Telefónica, the owner of the O2 brand in the UK, is to start selling its mobile customer data to third parties in what could prove a controversial move.

The Telefónica Digital business has launched the Telefónica Dynamic Insights global business unit, "dedicated to identifying and unlocking the potential opportunities for creating value from Big data", said Telefónica.

It said Telefónica Dynamic Insights will "provide companies and public sector organisations around the world with analytical insights that enable them to become more effective".

It will develop a range of products and services using different data sets, including machine to machine data and anonymised and aggregated mobile network data from its customers.

In testing of new products a number of large companies, including financial services firms, use real customer data in benchmark tests, but in the past that data has been mistakenly leaked or lost. This has led to calls for the ending of using real customer data for testing.

With Telefónica taking it one step further and now selling that data, privacy campaigners will be up in arms.

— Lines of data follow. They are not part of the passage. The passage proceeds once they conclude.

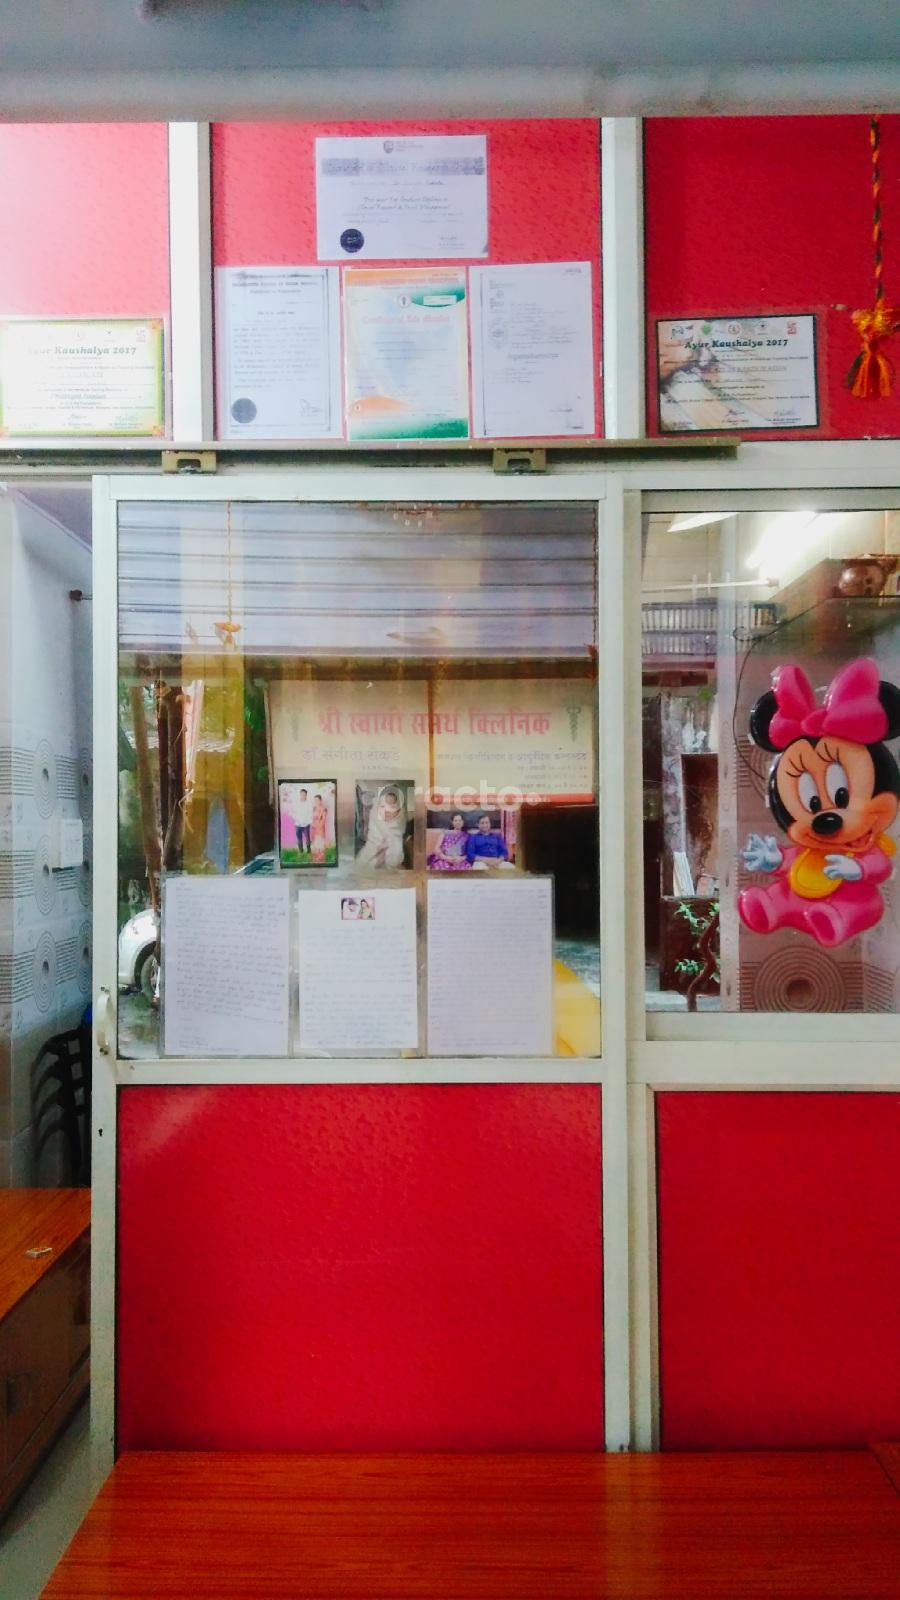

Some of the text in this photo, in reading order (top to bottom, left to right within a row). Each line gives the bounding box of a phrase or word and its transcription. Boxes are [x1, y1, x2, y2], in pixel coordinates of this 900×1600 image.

[684, 338, 789, 350] Ayur Kaushalya 2017
[54, 346, 110, 356] Kaushalya
[113, 346, 137, 356] 2017
[319, 705, 342, 735] श्री
[349, 706, 404, 735] स्वामी

One only has to look at the critcism companies like Google and Yahoo receive for using anonymised customer data in their web targeted advertising business.

Telefónica said the first product to launch will be "Smart Steps", which will use fully anonymised and aggregated mobile network data to "enable companies and public sector organisations to measure, compare and understand what factors influence the number of people visiting a location at any time".

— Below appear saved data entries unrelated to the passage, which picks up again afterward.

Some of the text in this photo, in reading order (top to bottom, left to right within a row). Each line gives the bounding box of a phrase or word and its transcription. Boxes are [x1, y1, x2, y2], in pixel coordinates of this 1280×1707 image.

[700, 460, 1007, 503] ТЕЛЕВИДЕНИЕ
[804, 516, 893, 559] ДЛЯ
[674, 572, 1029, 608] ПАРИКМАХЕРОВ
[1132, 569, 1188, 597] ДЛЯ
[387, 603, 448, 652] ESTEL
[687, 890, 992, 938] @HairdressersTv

It said this insight will help retailers tailor local offerings for existing stores and determine the best locations and most appropriate formats for new stores.

It added that a number of retailers are already helping with product development by providing user feedback. Telefónica claimed Smart Steps would also enable town councils measure how many more people visit their high street after the introduction of free car parking or late night shopping, for instance.

"Big data is one of the key building blocks of the digital economy. Approached in a smart and responsible way it has the potential to transform every part of business and society," said Stephen Shurrock, chief commercial officer at Telefónica Digital.

Earlier this week a Cambridge professor said the use of medical records - even anonymised - for statistical and research purposes posed a threat to privacy.

University of Cambridge professor of security engineering Ross Anderson warned that a "huge loophole" is being carved in the European Union's upcoming data protection regulation.